Overview
The molecular processing pipeline in HoneyBee handles various types of molecular data, including DNA methylation, gene expression, protein expression, DNA mutation, and miRNA expression. The pipeline preprocesses, integrates, and generates embeddings from these diverse molecular profiles for downstream machine learning applications.

Key Features
- Support for multiple molecular data types
- Comprehensive preprocessing pipelines
- Feature selection and dimensionality reduction
- Multi-modal integration of molecular data
- Integration with clinical features
- Embedding generation using specialized models
Data Acquisition and Preprocessing
HoneyBee utilizes publicly available datasets from repositories such as TCGA and UCSC Xena:
from honeybee.processors import MolecularProcessor
# Initialize the molecular processor
processor = MolecularProcessor()
# Load data from file
gene_expression = processor.load_data("path/to/gene_expression.csv")
methylation = processor.load_data("path/to/methylation.csv")
mutations = processor.load_data("path/to/mutations.csv")
# Basic preprocessing
processed_expression = processor.preprocess(
gene_expression,
modality="gene_expression",
normalize=True,
log_transform=True
)
processed_methylation = processor.preprocess(
methylation,
modality="methylation",
normalize=True
)
processed_mutations = processor.preprocess(
mutations,
modality="mutation",
binarize=True
)
Feature Processing and Selection
Clean and optimize feature sets for analysis:
from honeybee.processors import MolecularProcessor
processor = MolecularProcessor()
gene_expression = processor.load_data("path/to/gene_expression.csv")

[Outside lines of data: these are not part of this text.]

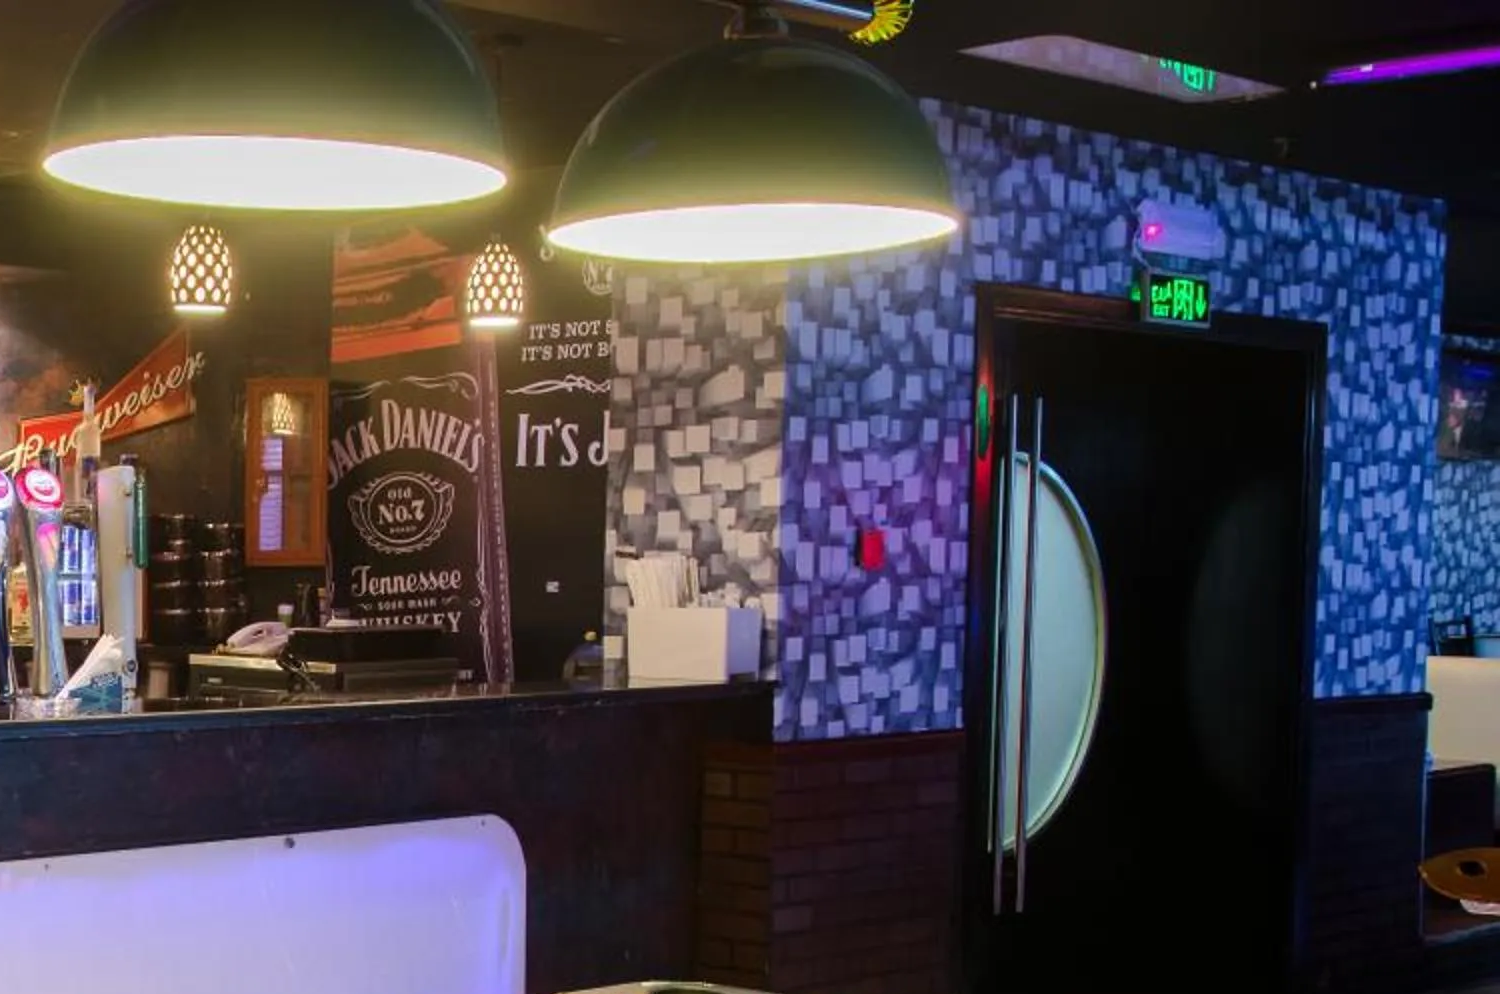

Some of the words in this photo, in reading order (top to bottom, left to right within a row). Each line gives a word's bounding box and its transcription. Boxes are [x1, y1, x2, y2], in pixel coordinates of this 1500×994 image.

[529, 323, 561, 340] IT'S
[565, 320, 601, 338] NOT
[521, 344, 553, 362] IT'S
[557, 342, 593, 360] NOT
[327, 415, 381, 490] JACK
[381, 399, 485, 473] DANIEL'S
[516, 413, 579, 467] IT'S
[388, 487, 412, 500] Old
[351, 565, 462, 597] Tennessee

# Remove constant and duplicate features
cleaned_data = processor.remove_constant_features(gene_expression)
cleaned_data = processor.remove_duplicate_features(cleaned_data)
# Remove low-expression genes
filtered_data = processor.filter_low_expression(
cleaned_data,
threshold=7 # Equivalent to 127 FPKM
)
# Handle missing data
imputed_data = processor.impute_missing(filtered_data, method="mean")
# Remove collinear features
final_data = processor.remove_collinear_features(
imputed_data,
threshold=0.25 # Variance threshold
)
Feature Selection and Integration
Unify and integrate features across modalities:
from honeybee.processors import MolecularProcessor
processor = MolecularProcessor()
# Load preprocessed data for each modality
gene_expr = processor.load_data("path/to/processed_gene_expression.csv")
methylation = processor.load_data("path/to/processed_methylation.csv")
protein_expr = processor.load_data("path/to/processed_protein_expression.csv")
mutations = processor.load_data("path/to/processed_mutations.csv")
mirna_expr = processor.load_data("path/to/processed_mirna_expression.csv")
# Unify features within each modality (for pan-cancer analysis)
unified_gene_expr = processor.unify_features(gene_expr, modality="gene_expression")
unified_methylation = processor.unify_features(methylation, modality="methylation")
unified_protein_expr = processor.unify_features(protein_expr, modality="protein_expression")
unified_mutations = processor.unify_features(mutations, modality="mutation")
unified_mirna_expr = processor.unify_features(mirna_expr, modality="mirna_expression")
# Integrate modalities
integrated_data = processor.integrate_modalities([
unified_gene_expr,
unified_methylation,
unified_protein_expr,
unified_mutations,
unified_mirna_expr
])
# Add clinical features
clinical_data = processor.load_data("path/to/clinical_data.csv")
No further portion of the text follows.